Au milieu des années 1990, l'affaire des fonds en déshérence a déclenché un phénomène très sain mais trop rare en Suisse : une plongée dans son histoire récente et une (auto)critique "collective". Au final, la bibliographie sur la période 1933-1948 a littéralement explosé en moins de 15 ans.
Poussés par les interrogations inquiètes de rescapés de la Shoah, de citoyens lambdas et de politiques conscients du besoin d'une Histoire exposée sans réserve, les chambres fédérales, l'Etat, l'Université et les médias n'ont plus pu conserver leur secret (parfois de polichinelle) : le comportement de la Suisse officielle, de ses banques et de ses élites politiques et économiques entre 1933 et 1945. On pourrait même remonter jusqu'à la prise du pouvoir par Mussolini en 1922, un événement bien perçu des milieux conservateurs helvétiques qui y virent un rempart contre le socialisme.
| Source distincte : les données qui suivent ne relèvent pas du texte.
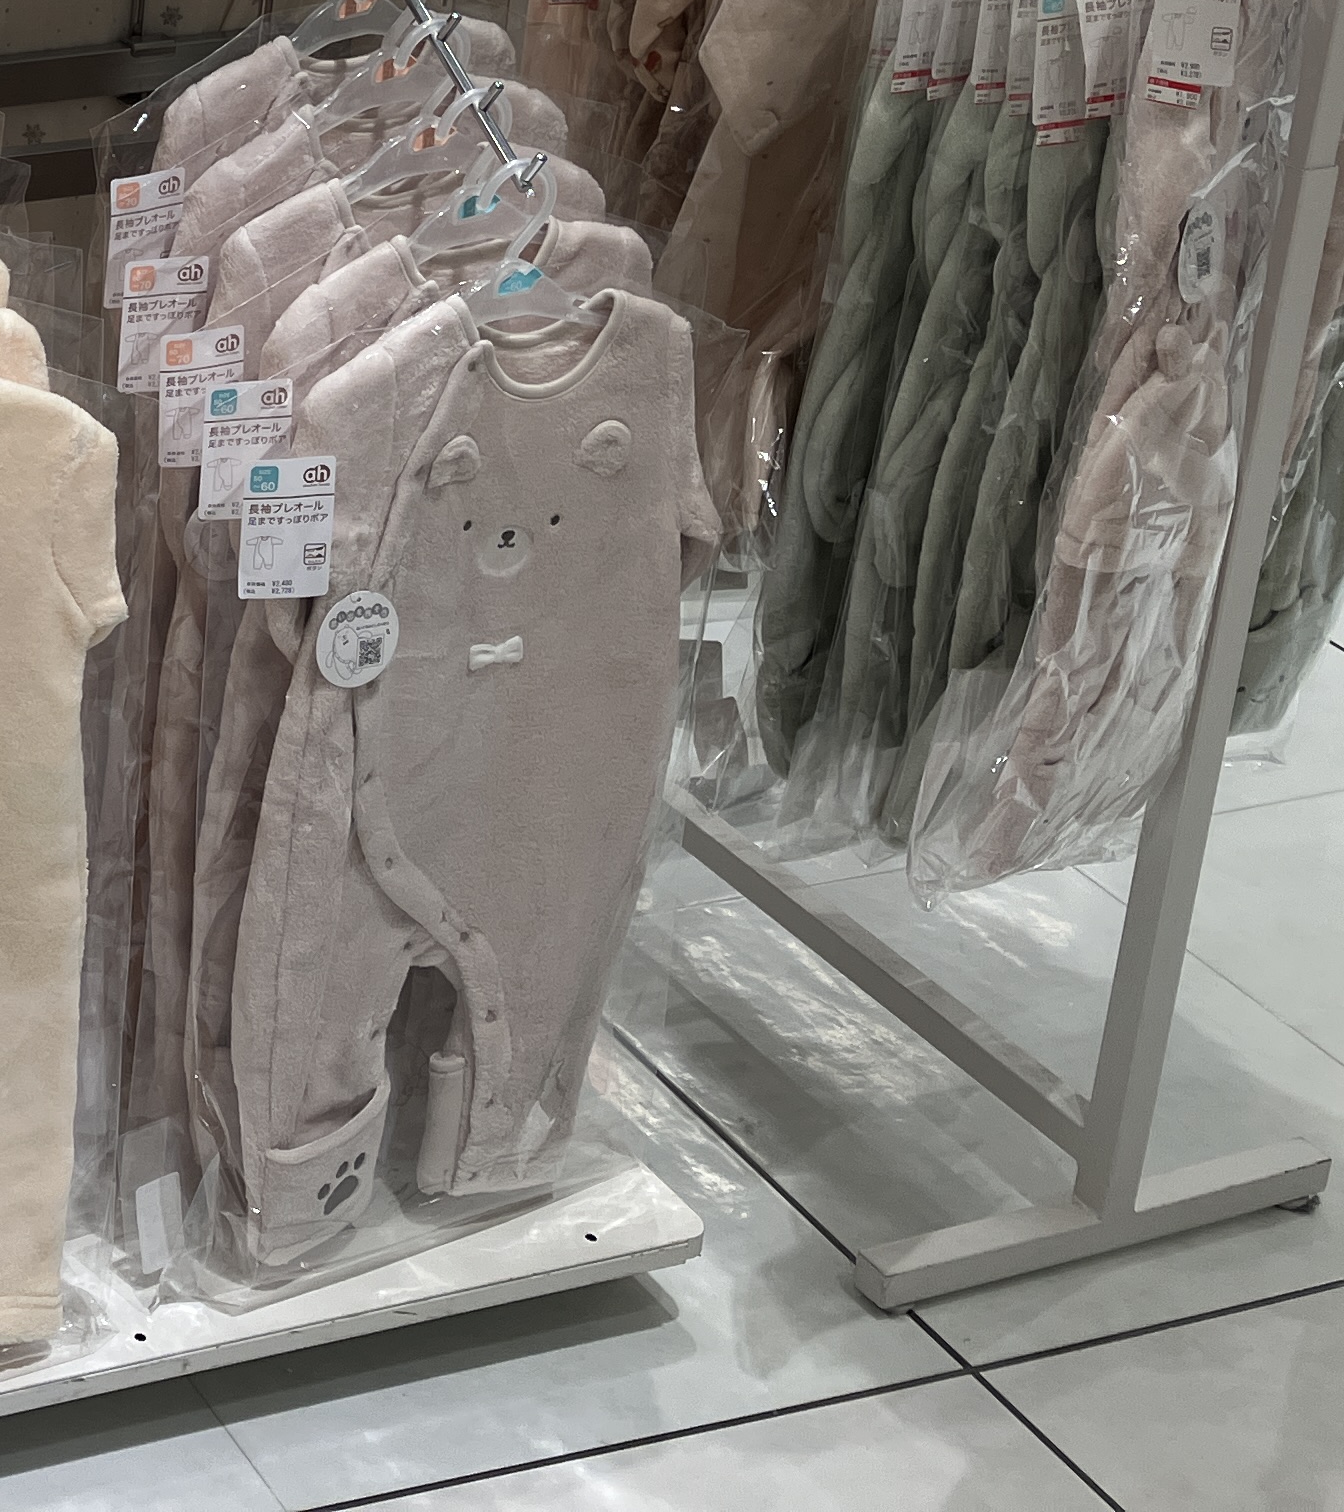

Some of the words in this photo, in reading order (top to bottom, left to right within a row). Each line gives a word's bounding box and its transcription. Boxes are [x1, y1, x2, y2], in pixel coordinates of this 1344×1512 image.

[158, 176, 180, 195] ah
[115, 209, 176, 230] 長袖プレオール
[177, 263, 204, 282] ah
[128, 298, 197, 313] 長袖プレオール
[215, 334, 240, 353] ah
[166, 369, 234, 388] 長袖プレオール
[261, 386, 288, 406] ah
[208, 422, 281, 438] 長袖プレオール
[302, 464, 331, 484] ah
[248, 500, 324, 515] 長袖プレオール
[247, 513, 329, 526] 足まですっぽりボア
Le duce a été fait docteur honoris causa par l'Université de Lausanne en 1937.
Ce sont les petits-enfants de celles et ceux "de la Mob'(ilisation)" qui ont enfin soulevé le lourd couvercle de plomb posé sur le pays par les défenseurs de l'histoire et de la mémoire officielles à des fins d'édification des nouveaux citoyens. Dans le primaire et une partie du secondaire, les cours d'introduction à l'histoire suisse durant la WW2 se résumaient à la répétition hagiographique du rôle de Guisan. Je m'en souviens encore.
Depuis 15 ans, des historiens, mais aussi des documentaristes, des journalistes et des romanciers ont empoigné ce passé non dit. Cette vaste entreprise de mise en histoire des années noires en Suisse a eu pour conséquence éditoriale l'émergence de nouvelles collections et la création de maisons d'édition boostées par les travaux de jeunes chercheurs décomplexés.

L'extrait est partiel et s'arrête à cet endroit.